2 Any way to speed this up?

Thanks!

driskell · 2020-11-20T09:19:02Z

Hello.

When you're looking at the lc-admin. Can you see what it says under the transport bit?

Key metric is the "pending payloads". If that sticks at 10 always, then essentially it's saying it's sent all it could (max 10 is default) to Logstash and is waiting for responses. If it's less than 10 then it's never waiting and always sending. In all honesty I've never seen a case where it was less than 10 and there was active harvesters ("completion" < 100) which would indicate Logstash running faster than logs can be read and sent.

Usually things are IO bound and the slowest link is nearly always Logstash due to the grok/user-agent lookup/ip lookup stuff going on. Based on that the usual way to speed up would be look at Logstash side and see if it's needing more CPU, or at the ES ingestion side to see if IO/CPU is there.

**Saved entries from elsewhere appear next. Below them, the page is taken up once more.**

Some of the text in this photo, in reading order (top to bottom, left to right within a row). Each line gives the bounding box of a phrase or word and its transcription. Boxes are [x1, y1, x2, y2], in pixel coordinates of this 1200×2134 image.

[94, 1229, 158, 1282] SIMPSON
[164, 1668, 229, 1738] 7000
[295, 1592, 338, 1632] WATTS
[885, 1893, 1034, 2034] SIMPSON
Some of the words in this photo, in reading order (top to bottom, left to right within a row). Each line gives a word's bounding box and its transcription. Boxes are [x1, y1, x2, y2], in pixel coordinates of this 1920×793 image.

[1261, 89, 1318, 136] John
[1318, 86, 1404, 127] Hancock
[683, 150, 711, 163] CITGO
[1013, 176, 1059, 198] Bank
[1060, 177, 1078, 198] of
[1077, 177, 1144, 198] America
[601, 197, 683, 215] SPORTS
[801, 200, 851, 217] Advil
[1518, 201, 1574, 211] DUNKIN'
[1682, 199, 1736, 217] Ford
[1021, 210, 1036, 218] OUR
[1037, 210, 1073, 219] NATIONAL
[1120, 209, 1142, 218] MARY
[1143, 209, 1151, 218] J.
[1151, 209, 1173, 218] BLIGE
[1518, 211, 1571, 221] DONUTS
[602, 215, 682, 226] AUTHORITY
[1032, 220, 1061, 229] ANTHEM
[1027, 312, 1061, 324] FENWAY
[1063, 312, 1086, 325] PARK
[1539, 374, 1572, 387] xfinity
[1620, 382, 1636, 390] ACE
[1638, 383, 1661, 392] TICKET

Regarding files held open - nowadays I see that as undesirable - it's a case where when things are working fine, holding the file after deletion for a few minutes to make sure everything was read and sent is a good thing - but if things aren't working fine it will hold it until all logs are sent and that could mean many deleted files held open if Logstash is hitting resource limits. It's something I haven't got around to looking at but log-courier should really have a setting that will abandon holding a deleted file open more than a specific amount of time.

dale-busse-av · 2020-11-20T15:44:49Z

Hello, and thanks for the response. Wonderful software.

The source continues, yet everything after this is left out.